# Pet Pigeon Housing?



## littlebirb (Apr 8, 2017)

Hello ! Im new here, and I registered in order to ask about my choice for pigeon housing. Im hoping to buy one male (Or so I think?) satinette pigeon. Im not sure if they're on the larger scale but, Im only wanting one to give me company as I study from home and well, have something to take care of. (Lonliness is a hell of a curse.) Anyways, I was looking through pigeon cages, though they mostly looked like generic parrot cages that BARELY have enough room for a parrot. So, I decided to look at rabbit hutch's. (Please keep in mind I do need enough room to set it on my desk, so the hutch cant be that large.. I could set it on the ground but Im afraid of my pigeon perhaps being spooked when people walk in, not knowing whats going on, along with the fact I'd rather not try to lead my pigeon into getting under my bed. And Ive seen a couple of posts about users using dog cages but, the only reason Im actually strictly against dog cages is because most of the time they're very large, and the smaller scale ones tend to be more compact and Im afraid of not being able to adjust things easily if I need to. I can easily add platforms into a rabbit hutch, but the one I picked does have wired flooring, which Ill probably have to find a way to get rid of that completely and just leave the tray. Not sure what Im going to do but Im sure I can figure that part out. Im only wanting to know if the cage would be suitable for him. Heres the cage Im hoping to purchase for him: Please click me!
I have about everything else set up, Ive done my homework on basic needs for him, and also, is it fine to only have one pigeon? As I dont see too many topics on that. I will always be there to company him, but Im not sure if pigeons crave the affection of another pigeon..
Also, Im going to assume theres no way for a underage girl to get the permits or whatever to own a mourning dove..? As its always been in the back of my head but I never did much research on it.
Sorry for the long post, but thank you in advance for whom responds! 
Also, if requested, I can take pictures of my desk and under my bed so you understand the issue. But only if asked!


----------



## PalomaPuff (Apr 8, 2017)

I'm not sure if a pet pigeon would appreciate a cage that has all those walls? Pigeons like to have good vantage points, and I think the hutch with just one wire panel to look out of might not be ideal for them. With large washers and hanger bolts, you could add platforms to dog crates fairly easily. Does the cage absolutely have to be on your current desk, or can you have a separate stand?

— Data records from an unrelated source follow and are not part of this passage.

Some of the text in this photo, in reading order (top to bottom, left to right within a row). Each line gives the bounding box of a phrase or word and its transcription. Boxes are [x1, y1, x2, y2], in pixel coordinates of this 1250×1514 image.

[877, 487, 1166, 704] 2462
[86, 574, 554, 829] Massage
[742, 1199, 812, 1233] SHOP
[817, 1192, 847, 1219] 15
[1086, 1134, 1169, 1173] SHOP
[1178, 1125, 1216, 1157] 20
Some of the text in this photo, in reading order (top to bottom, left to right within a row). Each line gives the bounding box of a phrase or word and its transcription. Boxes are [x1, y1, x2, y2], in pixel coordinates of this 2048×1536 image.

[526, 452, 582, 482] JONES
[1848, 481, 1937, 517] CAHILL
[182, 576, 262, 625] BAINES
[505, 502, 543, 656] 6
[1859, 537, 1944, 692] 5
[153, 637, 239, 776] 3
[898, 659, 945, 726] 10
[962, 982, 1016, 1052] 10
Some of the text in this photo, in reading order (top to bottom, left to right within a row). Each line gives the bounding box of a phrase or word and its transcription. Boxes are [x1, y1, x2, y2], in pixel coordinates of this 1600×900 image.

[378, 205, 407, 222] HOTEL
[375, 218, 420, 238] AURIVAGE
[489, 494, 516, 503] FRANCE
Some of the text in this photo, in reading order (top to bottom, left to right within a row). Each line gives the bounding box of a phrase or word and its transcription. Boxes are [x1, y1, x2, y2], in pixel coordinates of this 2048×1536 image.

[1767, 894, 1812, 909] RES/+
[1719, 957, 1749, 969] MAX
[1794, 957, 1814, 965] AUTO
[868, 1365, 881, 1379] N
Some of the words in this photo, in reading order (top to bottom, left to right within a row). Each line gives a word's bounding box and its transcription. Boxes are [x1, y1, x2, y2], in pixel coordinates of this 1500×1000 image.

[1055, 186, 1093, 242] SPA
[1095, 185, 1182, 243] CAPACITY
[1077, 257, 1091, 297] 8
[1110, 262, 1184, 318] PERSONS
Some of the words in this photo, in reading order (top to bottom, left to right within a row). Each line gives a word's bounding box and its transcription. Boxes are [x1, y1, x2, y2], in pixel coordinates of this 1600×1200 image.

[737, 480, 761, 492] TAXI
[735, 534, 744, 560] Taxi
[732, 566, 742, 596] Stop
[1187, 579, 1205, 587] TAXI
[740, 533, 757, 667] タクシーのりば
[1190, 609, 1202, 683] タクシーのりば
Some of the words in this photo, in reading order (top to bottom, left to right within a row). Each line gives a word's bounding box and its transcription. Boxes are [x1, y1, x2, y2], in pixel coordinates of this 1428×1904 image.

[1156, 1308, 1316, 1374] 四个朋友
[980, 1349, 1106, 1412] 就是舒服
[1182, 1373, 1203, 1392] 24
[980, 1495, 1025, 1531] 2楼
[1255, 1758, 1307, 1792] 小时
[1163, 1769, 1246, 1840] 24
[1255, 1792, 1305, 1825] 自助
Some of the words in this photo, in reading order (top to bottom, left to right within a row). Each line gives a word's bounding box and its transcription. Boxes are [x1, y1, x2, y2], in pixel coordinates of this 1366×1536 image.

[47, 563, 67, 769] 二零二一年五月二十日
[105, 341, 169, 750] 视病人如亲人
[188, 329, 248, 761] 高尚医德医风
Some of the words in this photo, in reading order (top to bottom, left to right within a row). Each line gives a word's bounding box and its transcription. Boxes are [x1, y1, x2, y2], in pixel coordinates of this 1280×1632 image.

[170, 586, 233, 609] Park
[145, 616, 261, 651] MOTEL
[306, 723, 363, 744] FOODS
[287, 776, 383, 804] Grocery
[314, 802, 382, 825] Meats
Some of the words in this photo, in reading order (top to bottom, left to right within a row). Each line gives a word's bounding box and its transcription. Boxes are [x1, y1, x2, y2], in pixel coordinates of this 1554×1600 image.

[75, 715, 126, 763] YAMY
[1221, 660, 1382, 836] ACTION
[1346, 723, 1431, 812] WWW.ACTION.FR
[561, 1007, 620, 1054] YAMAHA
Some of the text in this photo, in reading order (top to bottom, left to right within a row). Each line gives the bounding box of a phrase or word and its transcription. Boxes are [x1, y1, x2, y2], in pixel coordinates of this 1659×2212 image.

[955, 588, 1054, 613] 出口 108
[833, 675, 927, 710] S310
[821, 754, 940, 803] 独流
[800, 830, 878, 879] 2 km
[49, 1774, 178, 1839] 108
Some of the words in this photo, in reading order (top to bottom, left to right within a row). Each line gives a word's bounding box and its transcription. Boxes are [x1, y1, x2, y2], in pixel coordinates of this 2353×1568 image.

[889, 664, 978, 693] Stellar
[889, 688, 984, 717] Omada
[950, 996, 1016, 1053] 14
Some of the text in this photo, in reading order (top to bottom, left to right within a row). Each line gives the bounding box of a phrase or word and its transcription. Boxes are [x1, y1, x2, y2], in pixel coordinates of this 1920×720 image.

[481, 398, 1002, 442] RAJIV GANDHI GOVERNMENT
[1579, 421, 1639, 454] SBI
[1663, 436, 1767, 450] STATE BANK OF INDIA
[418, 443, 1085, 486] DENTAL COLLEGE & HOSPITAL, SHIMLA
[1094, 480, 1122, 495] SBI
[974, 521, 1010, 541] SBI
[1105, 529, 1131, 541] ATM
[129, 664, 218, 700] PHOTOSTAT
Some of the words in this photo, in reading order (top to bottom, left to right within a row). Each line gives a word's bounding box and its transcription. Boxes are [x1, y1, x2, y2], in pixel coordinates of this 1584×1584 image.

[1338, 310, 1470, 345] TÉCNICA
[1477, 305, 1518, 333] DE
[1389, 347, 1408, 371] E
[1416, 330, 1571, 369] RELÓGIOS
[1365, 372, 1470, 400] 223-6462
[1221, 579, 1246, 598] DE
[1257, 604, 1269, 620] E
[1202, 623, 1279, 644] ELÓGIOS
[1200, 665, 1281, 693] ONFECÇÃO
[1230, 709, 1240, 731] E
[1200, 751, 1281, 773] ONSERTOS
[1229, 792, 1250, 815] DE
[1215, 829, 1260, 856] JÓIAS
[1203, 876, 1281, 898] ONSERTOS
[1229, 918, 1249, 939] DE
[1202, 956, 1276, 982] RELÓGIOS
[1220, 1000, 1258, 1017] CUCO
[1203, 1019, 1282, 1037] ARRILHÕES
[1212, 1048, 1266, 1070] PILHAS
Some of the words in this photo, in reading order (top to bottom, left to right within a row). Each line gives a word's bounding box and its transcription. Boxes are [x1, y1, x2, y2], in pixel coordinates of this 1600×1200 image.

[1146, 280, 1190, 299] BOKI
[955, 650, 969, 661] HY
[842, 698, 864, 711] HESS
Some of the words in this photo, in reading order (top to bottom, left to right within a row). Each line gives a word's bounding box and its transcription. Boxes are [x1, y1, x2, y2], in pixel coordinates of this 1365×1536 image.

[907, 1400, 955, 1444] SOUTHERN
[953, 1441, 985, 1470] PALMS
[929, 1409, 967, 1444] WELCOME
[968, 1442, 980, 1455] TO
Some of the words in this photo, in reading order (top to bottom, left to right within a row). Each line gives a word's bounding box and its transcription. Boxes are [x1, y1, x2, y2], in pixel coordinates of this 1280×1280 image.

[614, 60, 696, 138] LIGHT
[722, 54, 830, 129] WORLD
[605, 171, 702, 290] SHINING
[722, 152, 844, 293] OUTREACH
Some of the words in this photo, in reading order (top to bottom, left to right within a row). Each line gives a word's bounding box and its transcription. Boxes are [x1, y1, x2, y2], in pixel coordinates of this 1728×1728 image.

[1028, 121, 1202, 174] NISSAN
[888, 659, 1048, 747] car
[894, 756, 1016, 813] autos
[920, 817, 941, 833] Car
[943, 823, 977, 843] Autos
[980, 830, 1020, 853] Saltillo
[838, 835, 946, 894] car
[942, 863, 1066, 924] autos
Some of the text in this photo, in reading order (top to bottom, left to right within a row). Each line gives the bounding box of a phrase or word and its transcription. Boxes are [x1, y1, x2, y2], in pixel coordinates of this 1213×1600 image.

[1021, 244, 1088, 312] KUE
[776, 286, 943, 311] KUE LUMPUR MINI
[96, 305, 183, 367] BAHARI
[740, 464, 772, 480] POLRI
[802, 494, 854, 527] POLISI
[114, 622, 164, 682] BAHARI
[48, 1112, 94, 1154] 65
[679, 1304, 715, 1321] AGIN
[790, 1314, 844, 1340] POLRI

And no, in the US mourning doves are a protected species and are not domesticated, and I don't think they would make as nice of a companion as a domestic pigeon.


----------



## littlebirb (Apr 8, 2017)

PalomaPuff said:


> I'm not sure if a pet pigeon would appreciate a cage that has all those walls? Pigeons like to have good vantage points, and I think the hutch with just one wire panel to look out of might not be ideal for them. With large washers and hanger bolts, you could add platforms to dog crates fairly easily. Does the cage absolutely have to be on your current desk, or can you have a separate stand?
> 
> And no, in the US mourning doves are a protected species and are not domesticated, and I don't think they would make as nice of a companion as a domestic pigeon.


Ahh, I never thought of that with the walls. And really, I have only 2 other options. On the floor, on a smaller-than-my-desk nightstand, and I explained why I prefer it not being on the floor. I could always find a way to prevent him from going under my bed but, I worry.


----------



## cwebster (Dec 11, 2010)

Just tell them its a pigeon.


----------



## littlebirb (Apr 8, 2017)

cwebster said:


> Just tell them its a pigeon.


Ahaa, I think you misunderstood.
Im afraid of the Pigeon being afraid of seeing a door be pushed open without warning and walking in, im not sure how they would react but, the first time I had cockatiels with a cage on the floor, they didnt take too nicely to it.


----------



## Jay3 (May 4, 2008)

That hutch is much larger than many of the metal dog crates. I use them for my pigeons when they are inside. They're great for a pigeon cage, and would fit on your desk much better than that hutch. You can get them like 30 inches long by 18 deep. You are right in not wanting him on the floor, as by instinct, they don't feel safe on the floor, and want to be high up. As far as having an open cage with no walls, they actually prefer to have a towel maybe covering the back and one side. Generally the side where he roosts. They do like a little area where they can have some privacy. 

Having said all that, I don't think pigeons make the best house pets. They are very messy eaters as they like to toss seed all over when picking out what they like, and they do molt feathers, which can be a lot. And they really are happier in pairs. Pigeons live to pair up and build a nest and raise babies. They do need a lot of out of cage time to be happy and get exercise. And satinettes are on the small side.


----------



## Jay3 (May 4, 2008)

cwebster said:


> Just tell them its a pigeon.


That might be kind of hard if you need to bring him to a vet for something.


----------



## FredaH (Apr 5, 2016)

I use indoor rabbit cages for my house pigeons and they work well. Plenty of room for them to flap their wings and I make nest caves at one end. They're only in them at bed time and if I go out and they're quite contented in them too.


----------



## littlebirb (Apr 8, 2017)

Jay3 said:


> That hutch is much larger than many of the metal dog crates. I use them for my pigeons when they are inside. They're great for a pigeon cage, and would fit on your desk much better than that hutch. You can get them like 30 inches long by 18 deep. You are right in not wanting him on the floor, as by instinct, they don't feel safe on the floor, and want to be high up. As far as having an open cage with no walls, they actually prefer to have a towel maybe covering the back and one side. Generally the side where he roosts. They do like a little area where they can have some privacy.
> 
> Having said all that, I don't think pigeons make the best house pets. They are very messy eaters as they like to toss seed all over when picking out what they like, and they do molt feathers, which can be a lot. And they really are happier in pairs. Pigeons live to pair up and build a nest and raise babies. They do need a lot of out of cage time to be happy and get exercise. And satinettes are on the small side.


Ahh, I personally think all birds are quite messy in one degree or another, as my cockatiels would push seeds around to get their favorite all the time and kick seeds out, and Im aware of the molting so it never was too much of an issue for me, but I am truely afraid of him craving maybe a another pigeon's company, even though Im a bit afraid to have two since Ive never housed them before.


----------



## Jay3 (May 4, 2008)

Those cages that Freda uses does keep a lot of the mess inside the cage because of the high sides.


----------



## littlebirb (Apr 8, 2017)

Jay3 said:


> Those cages that Freda uses does keep a lot of the mess inside the cage because of the high sides.


Ill look into those cages to keep down the mess then I assume (Outside of the cage mess atleast) Thank you everyone for responding though.


----------